The idea that accurate speech is maintained by auditory feedback is supported by the observation that subjects change the sound of their voice to compensate for auditory perturbations that alter their speech sounds (Houde and Jordan, 1998; Jones and Munhall, 2005; Purcell and Munhall, 2006a,b; Villacorta et al., 2007; Feng et al., 2011). However, unlike in studies of sensorimotor adaptation and motor learning in limb movement (Shadmehr and Mussa-Ivaldi, 1994; Krakauer et al., 2000), a significant percentage of subjects in auditory studies fail to compensate for auditory perturbations. One possible reason is that, in contrast to the nearly uniform way in which people are observed to use sensory feedback to control limb movements (van Beers et al., 2002), the integration of sensory feedback during speech might differ significantly among individuals. Some individuals may even rely more heavily on somatosensory feedback during the production of some speech sounds (Yates, 1965).
We tested this idea by simultaneously altering auditory and somatosensory feedback during speech production. We placed the two sensory systems in competition to determine the relative reliance on each. To do this, using two experimental paradigms adapted from studies of speech motor learning, both somatosensory and auditory feedback were altered in real time, alone or in combination, as subjects repeated a consonant-vowel-consonant word. A robotic device that caused subtle changes in the movement of the lower jaw altered somatosensory feedback; an acoustical effects processor that lowered the first formant frequency of the vowel sound altered auditory feedback. The amount of compensation for each perturbation was used as a measure of sensory reliance.
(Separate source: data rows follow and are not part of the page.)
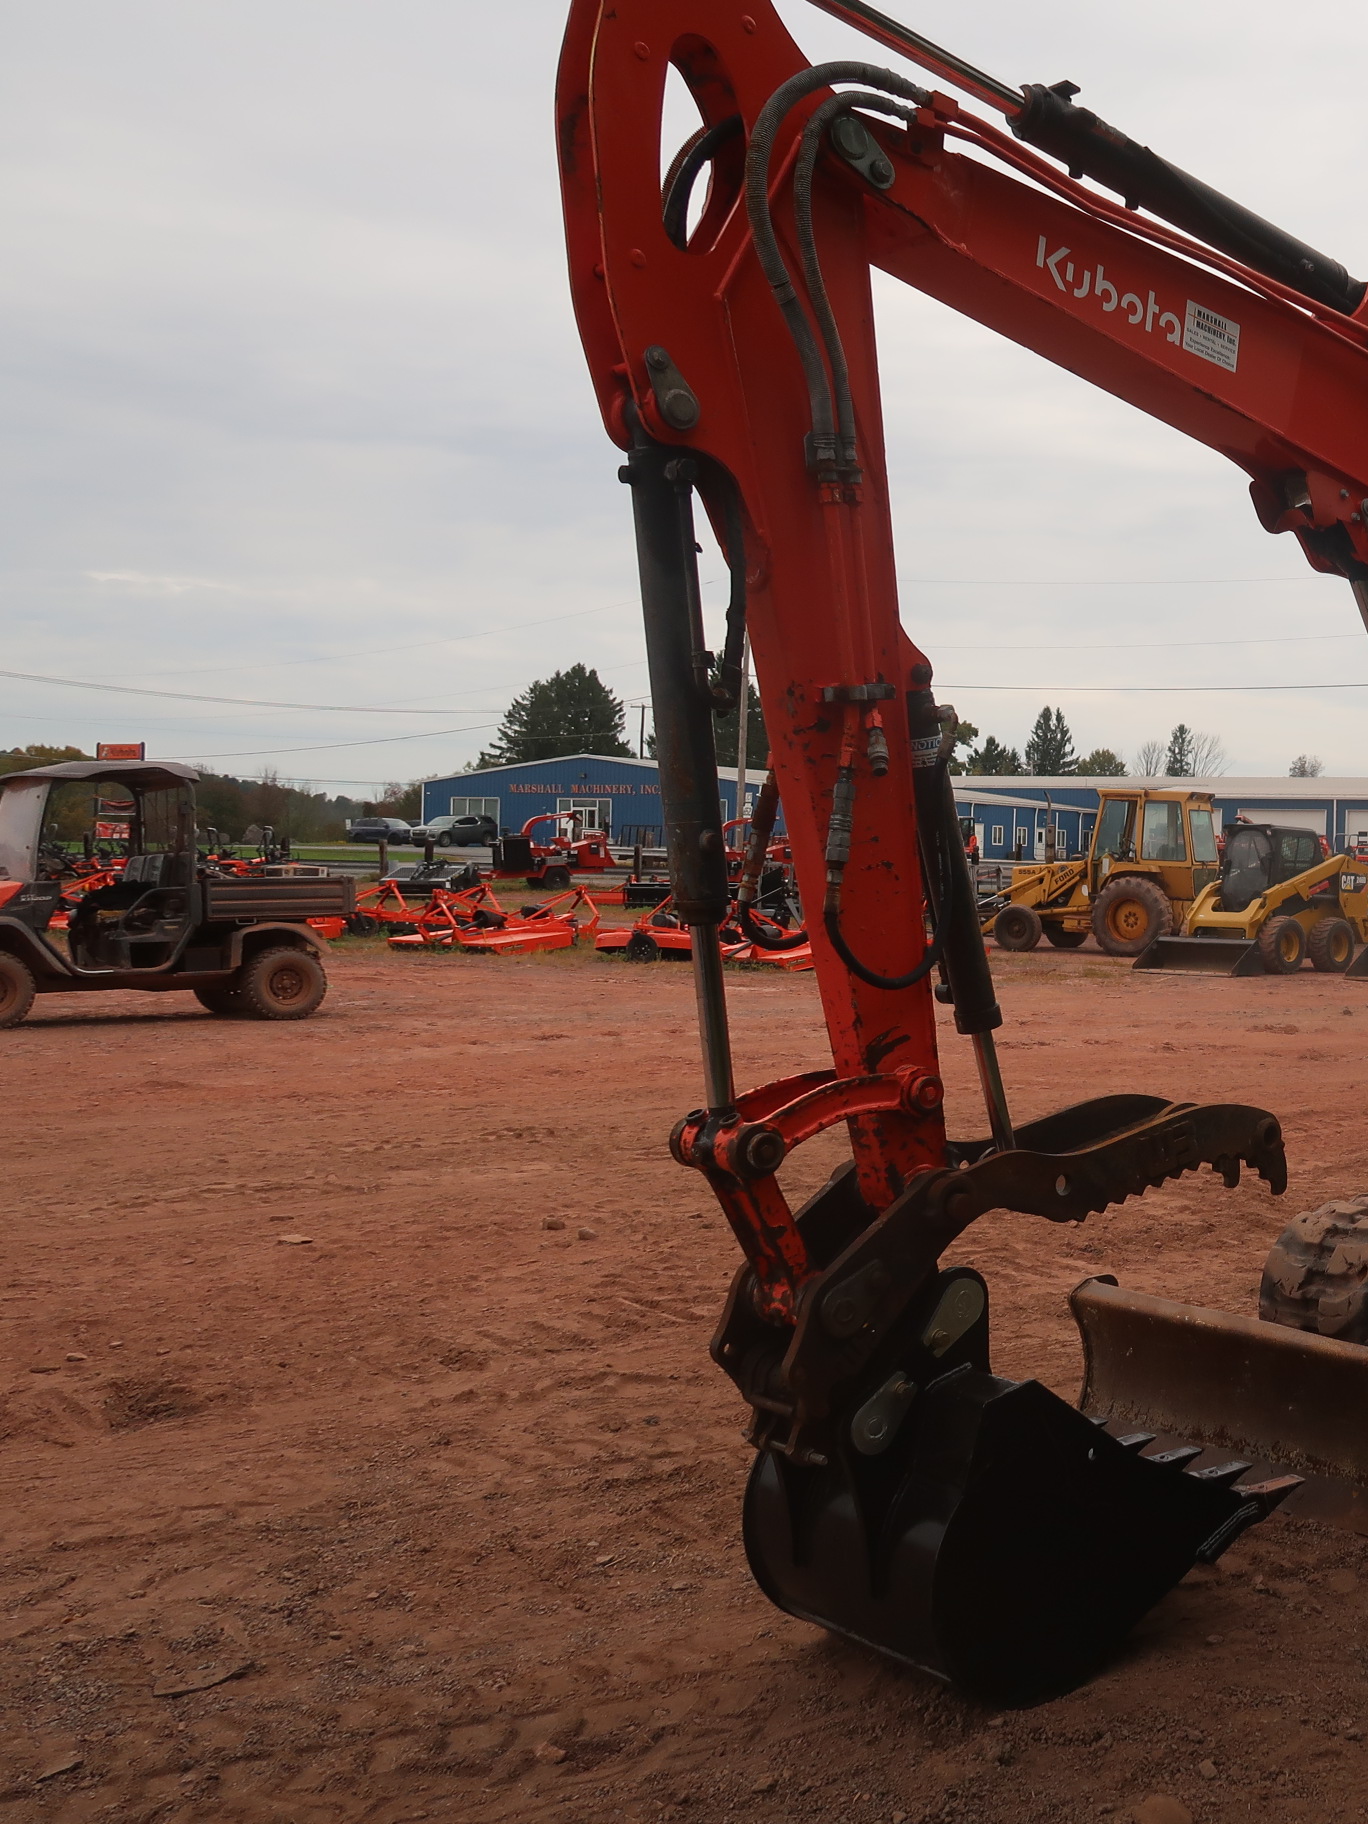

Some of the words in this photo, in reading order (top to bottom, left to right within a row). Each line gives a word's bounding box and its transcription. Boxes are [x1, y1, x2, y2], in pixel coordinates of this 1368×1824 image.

[1036, 235, 1181, 346] Kubota
[1197, 309, 1227, 331] MARSHALL
[1186, 327, 1199, 337] SALES
[1220, 343, 1236, 355] SERVICE
[1189, 337, 1210, 351] Experience
[1194, 345, 1204, 354] Local
[1204, 350, 1216, 360] Dealer
[1221, 358, 1234, 369] Choice
[911, 738, 941, 750] NOTIC
[508, 784, 564, 794] MARSHALL
[571, 784, 637, 795] MACHINERY,
[640, 784, 661, 794] INC.
[1054, 868, 1075, 885] FORD
[1341, 875, 1355, 890] CAT
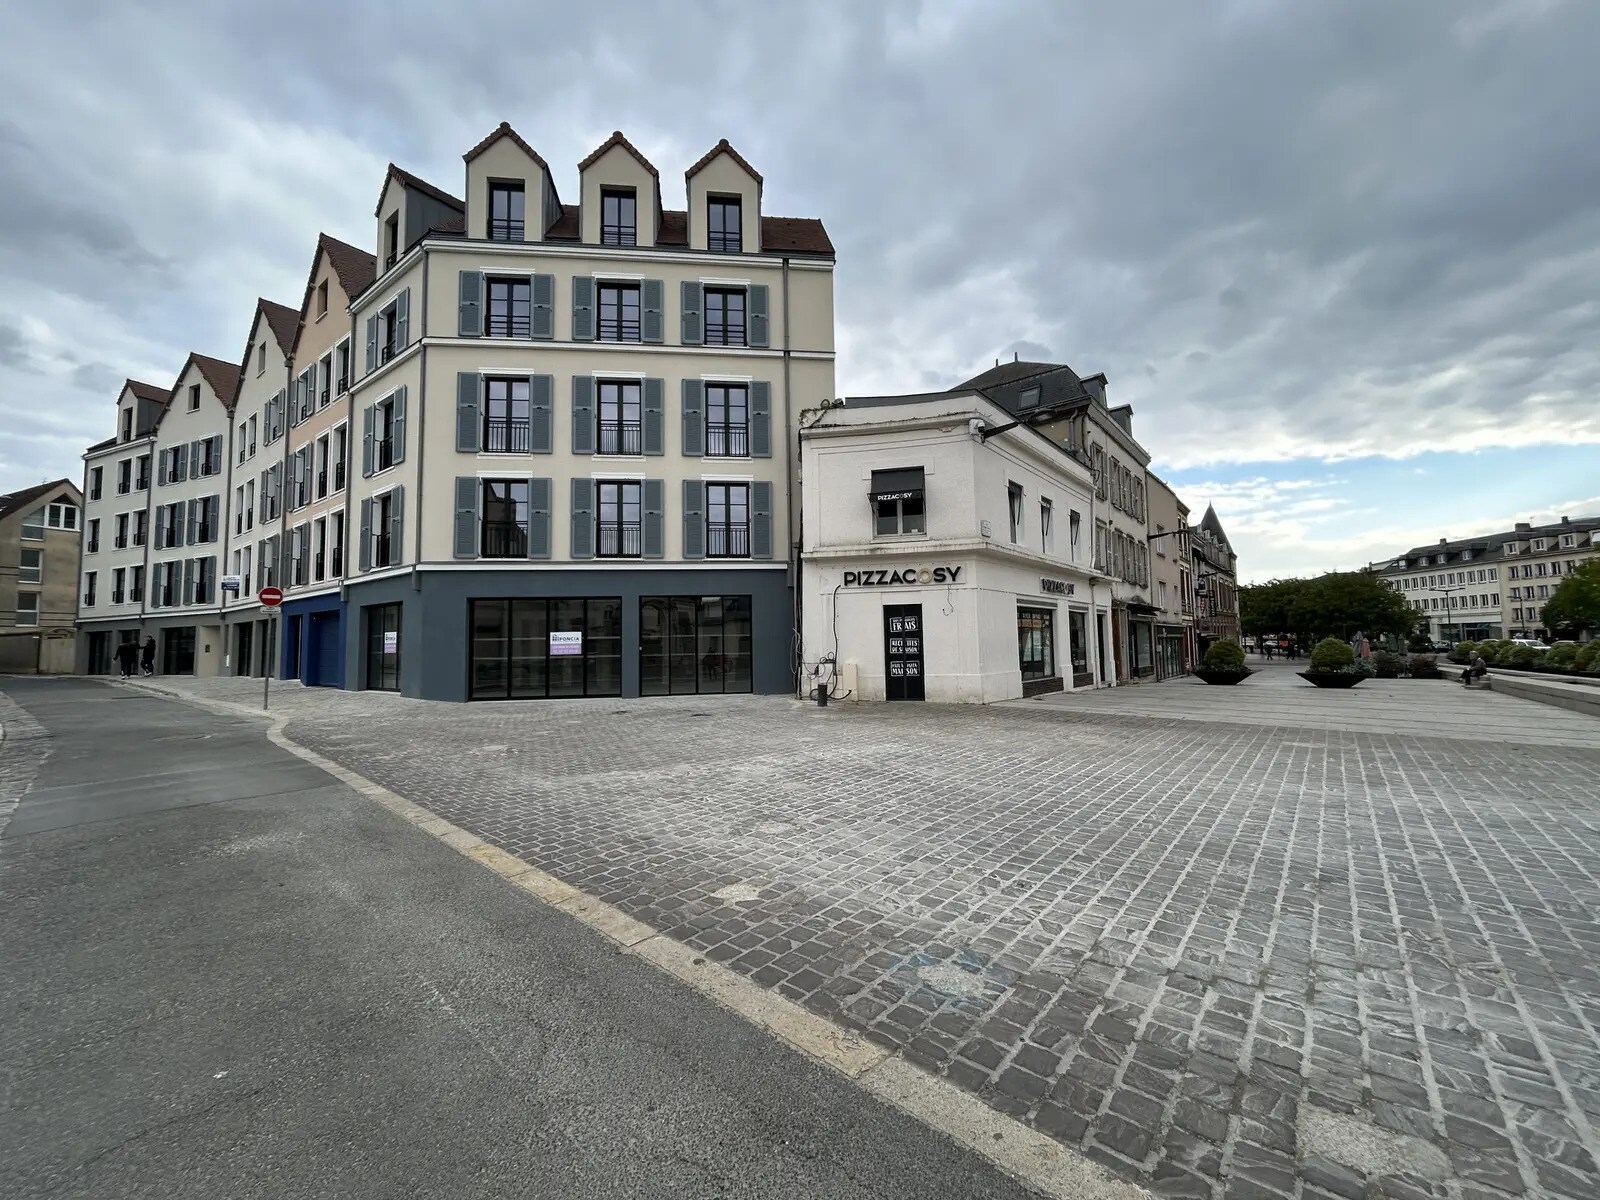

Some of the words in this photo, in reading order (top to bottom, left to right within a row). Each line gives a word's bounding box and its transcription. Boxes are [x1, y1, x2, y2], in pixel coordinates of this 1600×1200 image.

[877, 492, 912, 500] PIZZACOSY
[843, 566, 962, 586] PIZZACOSY
[893, 621, 916, 631] FRAIS
We found that all subjects compensated for at least one form of altered sensory feedback. In contrast to the idea that accurate speech production is largely dependent upon auditory feedback, we show that there is an inverse relationship between reliance on auditory versus somatosensory feedback: the more subjects compensate for one perturbation the less they compensate for the other. By applying the two perturbations alone and then in combination we show that this inverse relationship is the result of a preferential reliance on either auditory or somatosensory feedback during speech production.
Materials and Methods
Subjects, apparatus, task.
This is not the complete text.